Still on the doorstep, though quickly running out of patience, was the Queen. She was suffering from toothache and wondered if Charles had some oil of cloves in his homeopathic medicine box. She had two dogs with her, both Dorgies (a cross between a Corgi and a Dachshund). One was Susan whom she had inherited from her mother, the other Harris, her own dog, was the son of Harris I, who had accompanied her in the furniture van that had brought her to Hell Close thirteen years before.
‘This is infuriating,’ said the Queen to Harris. ‘Why won’t they answer the door? We know they’re in, don’t we, old boy? We can hear them shouting, can’t we?’
Harris said nothing to the Queen, but he growled. ‘I knew it wouldn’t last.’
Susan yapped, ‘All married couples quarrel. We do!’
‘We quarrel because I’m tired of you,’ said Harris.
‘You’re so cruel,’ whimpered Susan, and ran for comfort to the Queen’s side.
The Queen bent down and stroked Susan’s back, saying, ‘What is it, old girl? What is it?’
Beverley Threadgold, still in her dressing gown at two o’clock in the afternoon, stuck her head out of her bedroom window and shouted down, ‘They’re in
the back garden, Liz. They’re having a big row about Camilla’s smoking. Do you want me to tell ’em it’s you at the door?’
Beverley loved a drama, however small. She habitually turned a drama into a crisis, and a crisis into an incident necessitating the attendance of the police, and once the police helicopter.
The Queen said, ‘No, please don’t bother,’ and hurried away down the path.
Beverley shouted after the departing figure of the Queen, ‘We all got pissed last night on Charlie’s parsnip wine. Charlie was tellin’ us about his unhappy childhood. ’Ow ’e ’ad snow on ’is bed at school.’
The Queen said to Harris and Susan, ‘I really wish Charles would stop whining about his childhood to all and sundry. He’s a man of nearly sixty.’
As the Queen passed Beverley’s house, King, a cross Alsatian, leapt up at the front gate and began to bark furiously at the Queen’s dogs.
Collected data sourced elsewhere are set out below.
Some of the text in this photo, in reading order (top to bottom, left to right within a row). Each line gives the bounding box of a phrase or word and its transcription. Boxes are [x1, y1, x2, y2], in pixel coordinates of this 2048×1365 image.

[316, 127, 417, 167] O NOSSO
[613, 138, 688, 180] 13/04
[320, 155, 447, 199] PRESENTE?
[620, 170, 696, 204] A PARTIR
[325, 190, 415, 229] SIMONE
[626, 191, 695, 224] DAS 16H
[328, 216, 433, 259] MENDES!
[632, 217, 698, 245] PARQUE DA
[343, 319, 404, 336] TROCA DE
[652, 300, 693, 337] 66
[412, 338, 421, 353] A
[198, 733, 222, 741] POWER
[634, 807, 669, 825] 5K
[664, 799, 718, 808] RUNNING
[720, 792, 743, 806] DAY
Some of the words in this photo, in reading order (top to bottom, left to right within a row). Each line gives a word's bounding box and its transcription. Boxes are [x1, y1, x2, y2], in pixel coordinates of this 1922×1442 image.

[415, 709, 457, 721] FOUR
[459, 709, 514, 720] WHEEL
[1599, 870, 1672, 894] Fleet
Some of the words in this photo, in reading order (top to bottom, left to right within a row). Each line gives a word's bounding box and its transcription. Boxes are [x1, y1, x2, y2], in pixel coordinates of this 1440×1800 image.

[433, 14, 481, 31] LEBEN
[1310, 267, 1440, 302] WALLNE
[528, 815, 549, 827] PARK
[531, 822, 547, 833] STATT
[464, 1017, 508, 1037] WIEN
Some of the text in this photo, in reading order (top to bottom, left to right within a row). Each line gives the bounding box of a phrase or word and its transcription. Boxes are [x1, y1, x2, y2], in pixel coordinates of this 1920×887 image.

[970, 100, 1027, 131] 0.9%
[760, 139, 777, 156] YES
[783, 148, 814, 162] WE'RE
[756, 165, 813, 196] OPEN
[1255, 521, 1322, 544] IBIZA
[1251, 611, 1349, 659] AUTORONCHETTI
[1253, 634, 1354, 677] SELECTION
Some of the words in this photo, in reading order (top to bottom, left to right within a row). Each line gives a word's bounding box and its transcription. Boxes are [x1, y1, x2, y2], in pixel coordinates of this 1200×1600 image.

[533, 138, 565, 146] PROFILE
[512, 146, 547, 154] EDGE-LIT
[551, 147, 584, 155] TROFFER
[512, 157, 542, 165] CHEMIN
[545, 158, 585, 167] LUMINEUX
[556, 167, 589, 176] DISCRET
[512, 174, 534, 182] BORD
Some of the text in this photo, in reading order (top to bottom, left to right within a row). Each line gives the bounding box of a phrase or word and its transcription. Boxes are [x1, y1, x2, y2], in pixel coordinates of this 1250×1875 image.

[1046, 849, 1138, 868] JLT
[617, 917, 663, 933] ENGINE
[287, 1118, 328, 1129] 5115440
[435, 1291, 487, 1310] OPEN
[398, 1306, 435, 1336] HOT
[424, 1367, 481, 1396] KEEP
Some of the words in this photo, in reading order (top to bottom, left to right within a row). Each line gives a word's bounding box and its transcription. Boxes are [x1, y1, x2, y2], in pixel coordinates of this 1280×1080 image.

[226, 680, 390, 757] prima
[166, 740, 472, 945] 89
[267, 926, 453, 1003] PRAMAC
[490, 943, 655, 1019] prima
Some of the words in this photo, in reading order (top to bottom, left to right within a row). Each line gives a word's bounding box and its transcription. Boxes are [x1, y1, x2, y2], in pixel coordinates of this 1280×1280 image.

He was a troublemaker, like his mistress.
The Queen’s early training had taught her to blank out unpleasantness so as she walked along Hell Close she didn’t see the obscenities scrawled on the walls or smell the stench of the uncollected rubbish bags on the pavement. The sounds of screaming and domestic arguments did not reach her ears. She could not afford to fully admit to herself that she was living in such dreadful circumstances.
When she was a little princess, her nanny, the beloved Crawfie, had instructed her to whistle a merry tune inside her head when faced with difficult situations.
When she got to Number Twelve, the Queen heard the amplified sound of somebody, a singer she presumed, shouting not lyrics, but threats and exhortations to commit violence. She could not understand Prince Harry’s taste for what he had told her was called ‘gangsta rap’. True, his royal ancestors had been the gangsters of their day. Was it in the genes? As the Queen stood looking up at the house she could feel the vibrations of the music under her feet. The curtains were drawn and the windows appeared to have been attacked recently with eggs. She said to Harris, ‘I told Charles that it was inadvisable to allow the boys to live without supervision. Just look at the place, it looks like a New York tenement.’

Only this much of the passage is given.